Samedi 5 novembre 2022
à 15h
Pour réécoutez la rencontre entre Corinne Royer et Gaëlle Josse

© Louise Oligny

 

Pour la deuxième rencontre du cycle Écrivain à trois temps qui lui est consacré cette année, Corinne Royer a souhaité inviter Gaëlle Josse, qui publie cette rentrée littéraire La nuit des pères aux éditions Noir sur Blanc. Le riche dialogue qui s’en est suivi a donné l’occasion de mettre en regard leurs œuvres respectives et les enjeux qui les animent ainsi qu’une réflexion sur la construction du travail d’écriture. 

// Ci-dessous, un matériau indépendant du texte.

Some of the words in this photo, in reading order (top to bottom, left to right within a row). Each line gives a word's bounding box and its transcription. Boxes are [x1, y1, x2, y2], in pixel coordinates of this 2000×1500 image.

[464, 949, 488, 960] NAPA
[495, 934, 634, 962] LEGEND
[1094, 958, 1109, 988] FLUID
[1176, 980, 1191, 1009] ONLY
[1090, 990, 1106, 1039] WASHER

Pour Corinne Royer, le choix de Gaëlle Josse a semblé évident et elle établit d’emblée une parenté entre leurs romans et univers. Toutes deux portent des préoccupations et des obsessions qui peuvent rapidement entrer en écho. L’absence, la dépossession, le manque sont affrontés avec bravoure par leurs personnages. Corinne Royer précise que nous sommes en réalité tous dans une forme de dépossession, en exil de quelque chose. Et Gaëlle Josse s’attache tout particulièrement dans son écriture à décrire et comprendre les déséquilibres causés par cet arrachement. 

 

Corinne Royer rappelle que chez Gaëlle Josse, il y a un sens, une maîtrise des temps de silence comme rarement chez d’autres auteurs contemporains. C’est ce qui permet au lecteur de prendre toute sa place, de s’emparer du texte pour s’en imprégner ou l’habiter. Ce silence prend d’autant plus de force qu’il met bien souvent mal à l’aise aujourd’hui, le bruit et le mouvement venant couvrir des questionnements assourdis. Le silence suppose aussi l’introspection la plus profonde à laquelle nombre ne veulent pas se confronter ou ne se sentent pas en mesure de le faire. 

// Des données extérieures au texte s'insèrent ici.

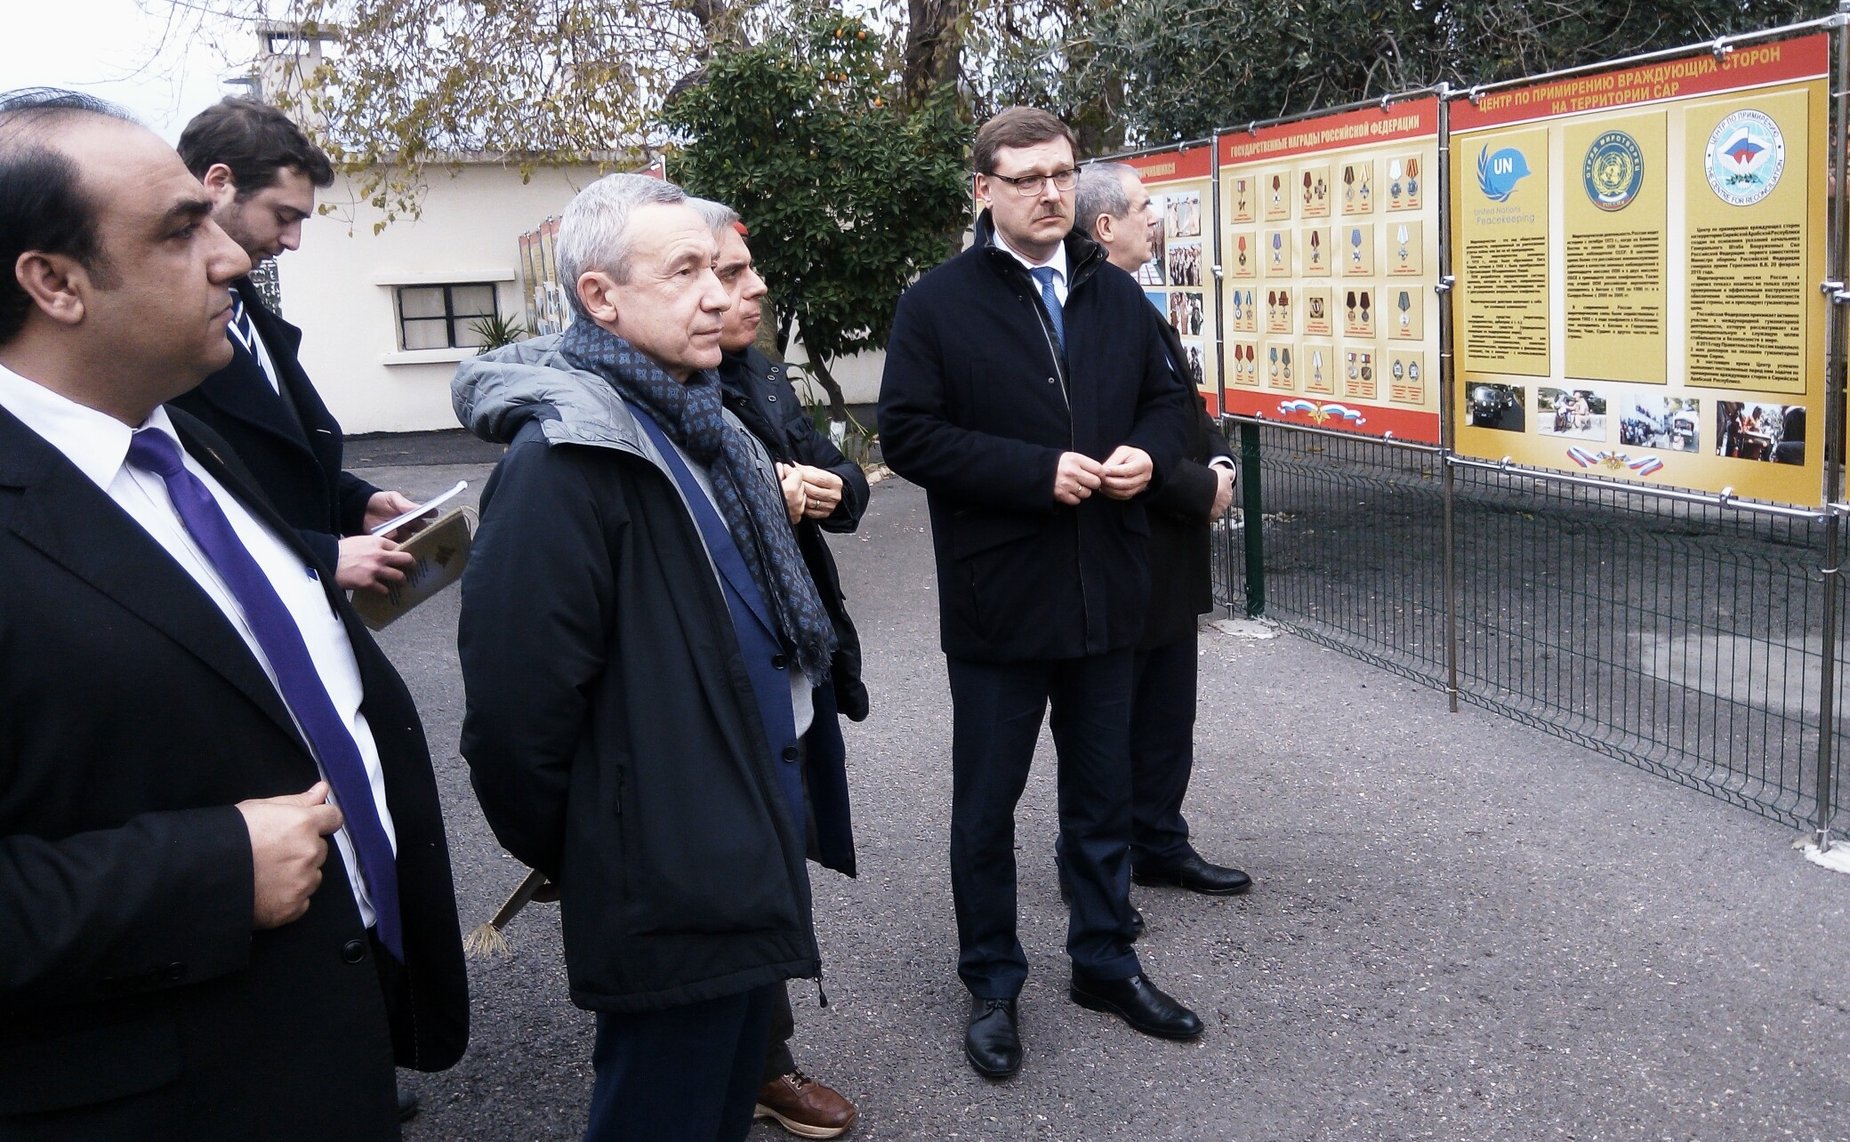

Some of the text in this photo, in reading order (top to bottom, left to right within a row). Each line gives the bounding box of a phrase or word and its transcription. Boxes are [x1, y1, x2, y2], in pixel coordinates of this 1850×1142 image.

[1479, 46, 1781, 113] ЦЕНТР ПО ПРИМИРЕНИЮ ВРАЖДУЮЩИХ СТОРОН
[1552, 82, 1680, 114] НА ТЕРРИТОРИИ САР
[1727, 115, 1737, 123] ПО
[1230, 115, 1420, 158] ГОСУДАРСТВЕННЫЕ НАГРАДЫ РОССИЙСКОЙ ФЕДЕРАЦИИ
[1494, 157, 1513, 175] UN

L’une comme l’autre des deux autrices ont eu beaucoup de difficulté à s’identifier comme écrivaines, à assumer le fait de se mettre dans les pas des grands auteurs. Être autrice est une chose, écrivaine à part entière en est une autre et toutes deux connaissent très bien le complexe de l’imposteur. Corinne Royer autant que Gaëlle Josse sont venues à la publication au milieu des années 2000 et leur œuvre est toujours en germe, en construction. Écrire, et surtout rendre un texte public, c’est aussi accepter que l’œuvre nous échappe et c’est laisser une part de la réception et de l’interprétation à la libre appréciation du public. Les deux autrices soulignent le caractère toujours vivant, mouvant, du matériau textuel et donc l’intérêt des rencontres avec le public. 

 

La force inspirante des femmes 

Marthe Gautier chez Corinne Royer (Ce qui nous revient, Actes Sud, 2019), Vivian Maier chez Gaëlle Josse (Une femme en contre-jour, Noir sur Blanc, 2019), des femmes au parcours exceptionnel et reconnues sur le tard à qui les deux autrices se sont attachées à rendre justice. Corinne Royer rapporte que grâce à son travail sur Marthe Gautier, les étudiants en médecine qu’elle a été amenée à rencontrer sont désormais réticents à mettre en avant le médecin Jérôme Lejeune. Ayant travaillé avec Raymond Turpin et Marthe Gauthier dans les années 1950, Lejeune s’est attribué les découvertes de cette dernière sur l’origine chromosomique du syndrome de Down : la trisomie 21. C’est l’une des forces de la littérature, trop souvent reléguée à tort à un innocent divertissement. Elle peut aussi permettre de porter et défendre efficacement les causes les plus justes. 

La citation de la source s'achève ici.